* YOUR OBJECTIVE:
The following data is to be repeated exactly, its pictures excluded.
(Beginning of RAW DATA)
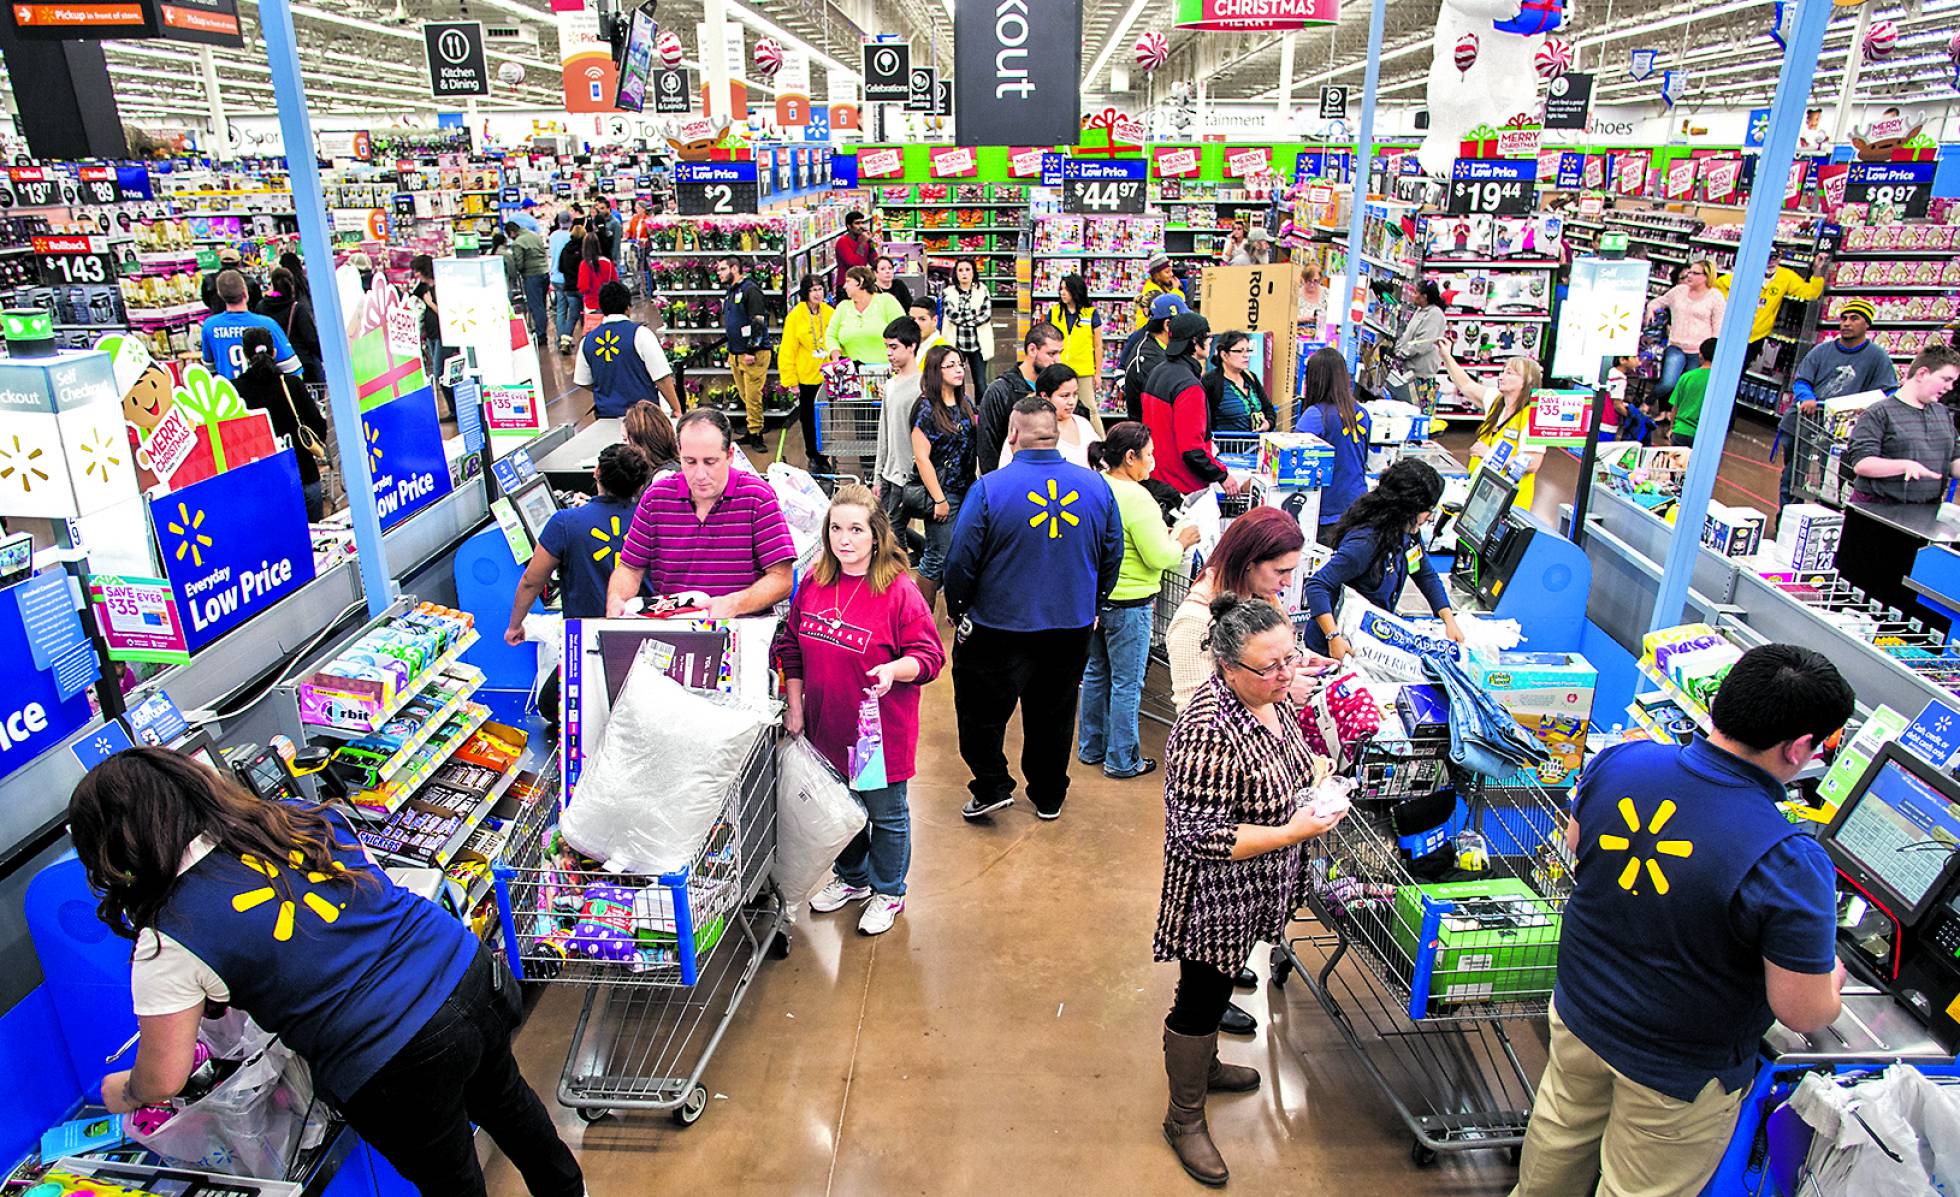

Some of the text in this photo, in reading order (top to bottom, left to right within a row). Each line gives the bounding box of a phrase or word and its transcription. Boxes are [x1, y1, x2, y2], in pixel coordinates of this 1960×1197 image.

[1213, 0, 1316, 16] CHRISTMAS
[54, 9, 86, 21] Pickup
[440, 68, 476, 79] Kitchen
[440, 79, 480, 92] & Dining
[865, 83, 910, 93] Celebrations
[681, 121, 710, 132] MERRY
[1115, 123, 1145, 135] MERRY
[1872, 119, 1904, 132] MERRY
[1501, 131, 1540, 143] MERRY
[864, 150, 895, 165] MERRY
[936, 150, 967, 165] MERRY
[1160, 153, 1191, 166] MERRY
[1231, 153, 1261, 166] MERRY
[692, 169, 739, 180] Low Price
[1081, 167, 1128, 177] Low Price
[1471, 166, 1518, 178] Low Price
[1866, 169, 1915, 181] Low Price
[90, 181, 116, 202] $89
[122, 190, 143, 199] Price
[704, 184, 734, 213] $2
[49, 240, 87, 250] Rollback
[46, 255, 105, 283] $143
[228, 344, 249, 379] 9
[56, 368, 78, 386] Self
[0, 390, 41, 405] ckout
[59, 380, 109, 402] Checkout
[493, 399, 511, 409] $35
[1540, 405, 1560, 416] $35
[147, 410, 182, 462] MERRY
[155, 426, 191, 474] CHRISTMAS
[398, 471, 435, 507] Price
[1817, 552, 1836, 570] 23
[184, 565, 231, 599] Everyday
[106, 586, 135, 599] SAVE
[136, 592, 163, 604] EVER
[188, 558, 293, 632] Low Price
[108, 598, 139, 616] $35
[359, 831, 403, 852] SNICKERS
(End of RAW DATA)
* EXPECTED ANSWER:
Some of the text in this photo, in reading order (top to bottom, left to right within a row). Each line gives the bounding box of a phrase or word and its transcription. Boxes are [x1, y1, x2, y2], in pixel coordinates of this 1960×1197 image.

[1213, 0, 1316, 16] CHRISTMAS
[54, 9, 86, 21] Pickup
[440, 68, 476, 79] Kitchen
[440, 79, 480, 92] & Dining
[865, 83, 910, 93] Celebrations
[681, 121, 710, 132] MERRY
[1115, 123, 1145, 135] MERRY
[1872, 119, 1904, 132] MERRY
[1501, 131, 1540, 143] MERRY
[864, 150, 895, 165] MERRY
[936, 150, 967, 165] MERRY
[1160, 153, 1191, 166] MERRY
[1231, 153, 1261, 166] MERRY
[692, 169, 739, 180] Low Price
[1081, 167, 1128, 177] Low Price
[1471, 166, 1518, 178] Low Price
[1866, 169, 1915, 181] Low Price
[90, 181, 116, 202] $89
[122, 190, 143, 199] Price
[704, 184, 734, 213] $2
[49, 240, 87, 250] Rollback
[46, 255, 105, 283] $143
[228, 344, 249, 379] 9
[56, 368, 78, 386] Self
[0, 390, 41, 405] ckout
[59, 380, 109, 402] Checkout
[493, 399, 511, 409] $35
[1540, 405, 1560, 416] $35
[147, 410, 182, 462] MERRY
[155, 426, 191, 474] CHRISTMAS
[398, 471, 435, 507] Price
[1817, 552, 1836, 570] 23
[184, 565, 231, 599] Everyday
[106, 586, 135, 599] SAVE
[136, 592, 163, 604] EVER
[188, 558, 293, 632] Low Price
[108, 598, 139, 616] $35
[359, 831, 403, 852] SNICKERS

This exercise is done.